In the domain of commerce, private capitalism is already playing a more extensive role, but to give precise figures is by no means easy. Our experts (who are not always so expert as they claim to be, – not so much from lack of good will, but simply for objective reasons) declare that private trading capital comprises about 30 per cent of all trading capital in the country, the remaining 70 per cent belonging to State institutions or to the distributive cooperative societies that are subsidized by the State and are really under State management.

These two processes thus run their opposed courses concurrently. Nevertheless, they reinforce one another. Private capitalism groups itself around our State trusts, competes with, and yet is nourished by them. Conversely, our State enterprises would not be able to continue at work in default of the supplies with which they are furnished by certain comparatively small private enterprises. Our State enterprises are now passing through the period of primitive socialist accumulation. If we do not secure any loans, we shall have to develop our economic system as an isolated national State inasmuch as we shall accumulate in a socialist and not in a capitalist fashion. On the other hand, there is also in progress among us a revival of primitive capitalist accumulation, and we must leave the future to decide which of these two processes will proceed more rapidly. The Workers’ State holds the trump cards. Of course it may lose them. But when we analyse the existing situation, we see that all the advantages are on our side, all at least, with one exception. Private capitalism, which in Russia is now for the second time passing through the phase of primitive accumulation, is backed up by world capitalism. We are still encircled by capitalism. The question therefore arises whether our incipient socialism, which still has to work by capitalist methods, may not in the end be bought up by real capital.

There are always two parties to a transaction of that kind, the buyer and the seller. Power in Russia is in the hands of the Workers’ State. The chief industries and foreign trade are sure monopolies, this matter of monopoly is of fundamental importance to us. It is our safeguard against the attempts of capitalism to buy up our incipient socialism. As far as the concessions are concerned, Comrade Lenin has remarked “Much cry and little wool”.
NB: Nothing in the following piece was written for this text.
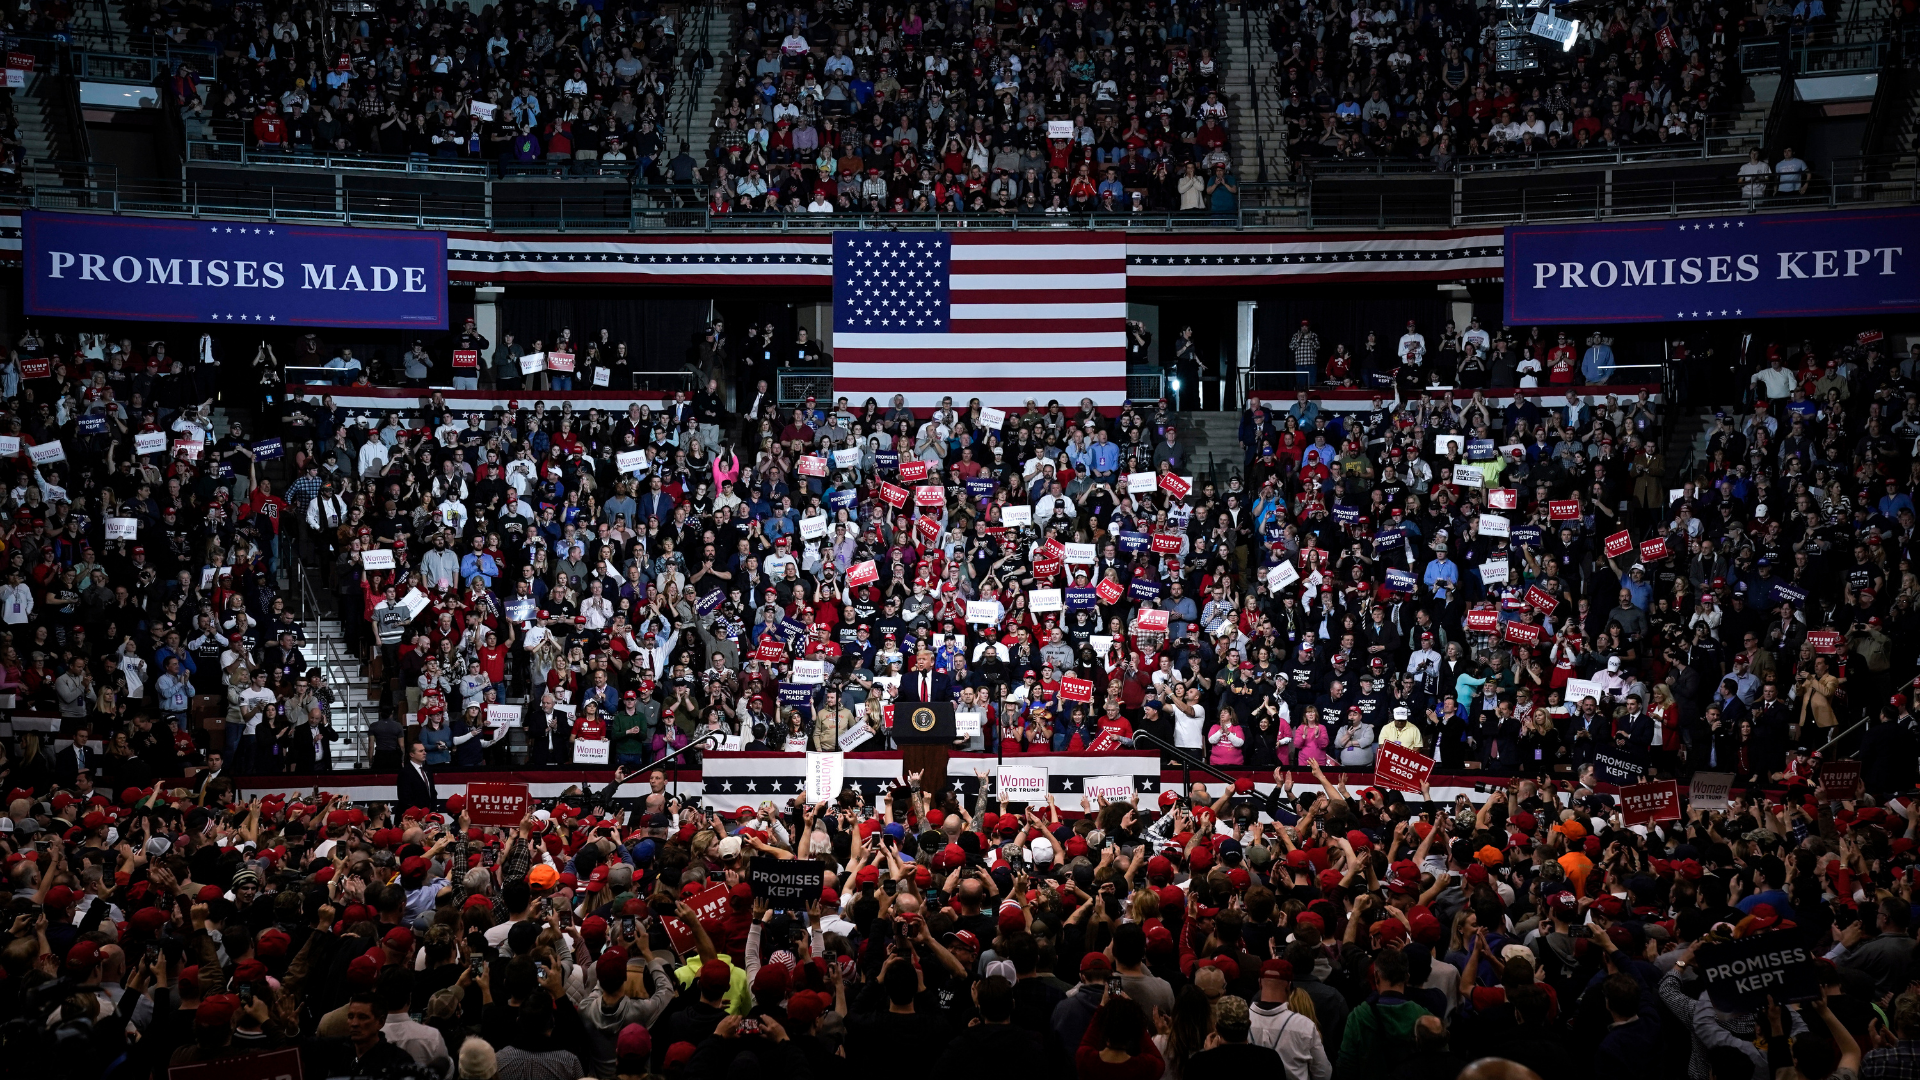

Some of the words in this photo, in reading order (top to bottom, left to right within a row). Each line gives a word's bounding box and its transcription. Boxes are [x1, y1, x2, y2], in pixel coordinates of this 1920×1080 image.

It is often contended that world capitalism, is in an extremely critical condition, and has need of Soviet Russia – that Britain urgently requires the Russian market for her manufactures, that Germany wants grain, and so on. Abstractly considered, this seems quite true, if the world be contemplated from the pacifist standpoint, from the outlook of the healthy human understanding which is of course always pacifist. One would think then, the British capitalists would hasten to begin the economic invasion of Russia, and that the Germans would limp along in the Britishers rear. But we see nothing of the sort. Why not? Because we live in a critical epoch when the economic balance has been upset, and because capital is not in a position to form and to realize great economic designs. Unquestionably Russia represents for Britain a gigantic reservoir for trade. But it is not a reservoir that can be tapped, to-day or tomorrow. A day will come when the Russian market will be competent to provide work for Britain’s army of unemployed numbering now a million or more. Perhaps this will be possible in three, five or ten years. In the latter event, calculations would have to be based upon a ten years perspective, but this is impracticable, for everything is now so uncertain in our shattered world.

Because of the uncertainty of the future, the economic policy of the capitalist governments can look no further than one day ahead. This fact dominates the world situation. Inasmuch as the capitalist powers are aware that Russia cannot bring them salvation tomorrow, they are perpetually postponing the promised concessions, loans, etc. there is absolutely no reason to suppose that these concessions could bring ruin to Russia. You will have noted that the central organ of our Party is now publishing a series of lengthy articles upon one of the most important of these concessions, the Urquhart concession. The articles contain (amid, I must admit, a number of errors of calculation) a dispassionate consideration of the pros and cons. Now what is the noteworthy point here? It is this, that the matter is in the hands of the Workers State, which is deliberating whether to make or withhold this and other concessions.

In one word, the danger that real capitalism, whose development is inevitable if a free market is conceded, will grow too strong for the workers’ State, is much less imminent than the possibility that the working class in Central and Western Europe will conquer the power of the State. Russian policy must be one of patient endurance until the working class of Europe and the world conquers the State power.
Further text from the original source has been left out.